The Ballad of the White Horse (1911)

By G. K. Chesterton, Methuen Press Illustrated 10th Edition by Robert Austin (1928), Marygrove College Press Annotated Edition by Bernadette Sheridan, IHM (1993), Reprinted Ignatius Press (2011)

Before the gods that made the gods
Had seen their sunrise pass,
The White Horse of the White Horse Vale
Was cut out of the grass.
(Book 1, Lines 1-4)

The White Horse near Uffington,
historic Berkshire
So begins something I should have read long before now, for many different reasons. As hinted in the rather complex edition history delineated above, it is an Important Work of Literature. It is, indeed, usually regarded as the last great heroic epic poem in English. Although I frankly have always found reading poetry to be tough slogging, there is a certain charm in the narrative poems that are the foundation of so many national literatures – The Iliad and The Odyssey, Beowulf, and so forth. Typically products of a culture's pre-literate “heroic age,” a critical formative period in which the basic ethos of a people is being established, oral cycles of songs and poems – a distinction they did not necessarily make – eventually put into the written forms which come down to us, usually express most purely the fundamental characteristics that subsequent generations looked back to and strove to emulate. Sure, they are inevitably idealizations, but they nonetheless provide critical insight into what the bard and the audience considered of utmost importance. They are valuable historical resources – not to mention generally great stories if you can get into them. They're not called “epic” for nothing!

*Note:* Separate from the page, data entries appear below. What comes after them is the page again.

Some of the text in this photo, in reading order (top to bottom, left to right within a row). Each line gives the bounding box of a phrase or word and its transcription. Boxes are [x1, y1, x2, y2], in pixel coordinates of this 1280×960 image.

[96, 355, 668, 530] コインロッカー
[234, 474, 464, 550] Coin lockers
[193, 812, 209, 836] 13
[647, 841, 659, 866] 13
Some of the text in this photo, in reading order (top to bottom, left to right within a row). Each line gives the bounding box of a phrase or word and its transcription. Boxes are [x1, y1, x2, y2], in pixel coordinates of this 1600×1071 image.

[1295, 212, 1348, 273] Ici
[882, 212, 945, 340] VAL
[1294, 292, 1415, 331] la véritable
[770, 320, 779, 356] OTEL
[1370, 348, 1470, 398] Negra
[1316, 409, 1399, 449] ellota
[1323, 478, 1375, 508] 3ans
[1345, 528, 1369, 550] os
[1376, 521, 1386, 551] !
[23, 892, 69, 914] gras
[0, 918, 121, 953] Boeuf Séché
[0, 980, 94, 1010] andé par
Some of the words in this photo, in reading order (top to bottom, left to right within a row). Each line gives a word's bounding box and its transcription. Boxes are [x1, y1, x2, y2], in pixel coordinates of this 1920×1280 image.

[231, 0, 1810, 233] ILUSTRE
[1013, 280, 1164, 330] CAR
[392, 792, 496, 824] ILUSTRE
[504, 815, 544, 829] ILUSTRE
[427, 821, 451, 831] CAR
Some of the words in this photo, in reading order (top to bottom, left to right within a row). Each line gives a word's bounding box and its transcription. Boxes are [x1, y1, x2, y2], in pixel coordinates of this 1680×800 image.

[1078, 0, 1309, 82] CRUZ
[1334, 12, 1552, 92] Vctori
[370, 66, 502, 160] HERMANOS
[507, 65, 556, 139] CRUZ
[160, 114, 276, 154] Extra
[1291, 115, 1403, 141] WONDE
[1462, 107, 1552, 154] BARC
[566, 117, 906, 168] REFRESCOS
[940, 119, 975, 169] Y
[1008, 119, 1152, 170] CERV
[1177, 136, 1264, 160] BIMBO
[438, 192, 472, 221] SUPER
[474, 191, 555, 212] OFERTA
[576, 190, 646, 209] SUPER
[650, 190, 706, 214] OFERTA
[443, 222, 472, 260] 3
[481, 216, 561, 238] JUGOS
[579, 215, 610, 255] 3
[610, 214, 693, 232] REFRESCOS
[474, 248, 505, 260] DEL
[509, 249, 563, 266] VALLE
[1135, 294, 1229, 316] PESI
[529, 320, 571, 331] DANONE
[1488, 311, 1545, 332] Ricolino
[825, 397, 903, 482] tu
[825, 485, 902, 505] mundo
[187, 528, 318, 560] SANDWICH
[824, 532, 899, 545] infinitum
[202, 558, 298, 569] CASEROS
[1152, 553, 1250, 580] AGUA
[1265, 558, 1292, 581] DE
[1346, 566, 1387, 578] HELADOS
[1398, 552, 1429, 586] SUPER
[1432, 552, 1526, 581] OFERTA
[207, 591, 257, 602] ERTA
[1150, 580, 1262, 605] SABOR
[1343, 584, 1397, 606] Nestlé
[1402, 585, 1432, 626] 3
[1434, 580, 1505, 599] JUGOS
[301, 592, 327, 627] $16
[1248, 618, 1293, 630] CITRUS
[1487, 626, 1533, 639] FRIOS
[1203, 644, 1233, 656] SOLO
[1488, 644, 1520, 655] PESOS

Of course, early on there were literary counterparts, i.e., heroic epic poems newly composed in written form to fill a void where authentic tradition was lacking for whatever reason. Vergil's Aeneid was just such an effort during the first generation of the Roman Empire, giving the ascendant Romans a poetic epic to stand alongside the Greeks'. The works of J. R. R. Tolkien were explicitly born in his effort to create a faux mythology for England and found early expression in a host of extended narrative poems that lurk behind The Silmarillion and were eventually edited and published in Christopher Tolkien's monumental collection of The History of Middle Earth – e.g. vol. 3, The Lays of Beleriand containing The Lay of Leithian telling the story of Beren and Lúthien. Tolkien's effort to “create a mythology for England” seems at first an odd aspiration given the traditions of Arthurian legend that gave birth to Le Morte d'Arthur as well as the great wealth of Old English poetry besides Beowulf that is almost unique to Anglo-Saxon England among all of the early medieval Germanic kingdoms. As for the former, Tolkien rightly considered it fundamentally British (born in the Roman British resistance against the Anglo-Saxon invasions) filtered through high-medieval French rather than properly English; as for the latter, although Beowulf is indeed the foundational monument of English literature it comes out of a wider Germanic background and a continental setting, and most of the epic poetry native to the Anglo-Saxons was born in the Christian period and has explicit religious subjects and sensibilities, albeit with a fascinating overlay of the heroic ethos [LINK] – e.g. Genesis, Judith, and so forth. The poem on The Battle of Maldon and other such literary fragments are rudimentary (only for their extent, by no means for their quality) examples of something more truly “English.” Tolkien's ambition was to (re)create, inspired by a single line in the Crist I poem [LINK], a pre-Christian – prehistoric – mythology for England. There are many ironies in what eventually grew from that effort, perhaps nothing more so than the heavily Celtic ambiance that suffuses Tolkien's legendarium. But that's not the point of this post.

G. K. Chesterton
Tolkien is, today, known best for his tales of Middle-Earth, despite the lack of popular recognition of their genesis as I just described it, as a “poetic mythology” for England. Before Tolkien ever conceived his great work, however, another Englishman known for a hugely prodigious literary output within which poetry was only a small fraction, G. K. Chesterton, anticipated his effort in a certain sense, and also filled a void which has always puzzled me in the corpus of later Anglo-Saxon heroic poems based on historical events, such as the Anglo-Saxon Chronicle entry for 937, written in alliterative verse about King Athelstan's victory at The Battle of Brunanburh [LINK]. Even more monumental than Brunanburh – and truly formative in the very survival and consolidation of a kingdom of England – was the miraculous victory won by Athelstan's grandfather Alfred the Great against the pagan Vikings at Ethandune in 878. Yet no such poem on King Alfred has survived, if ever one existed before 1911.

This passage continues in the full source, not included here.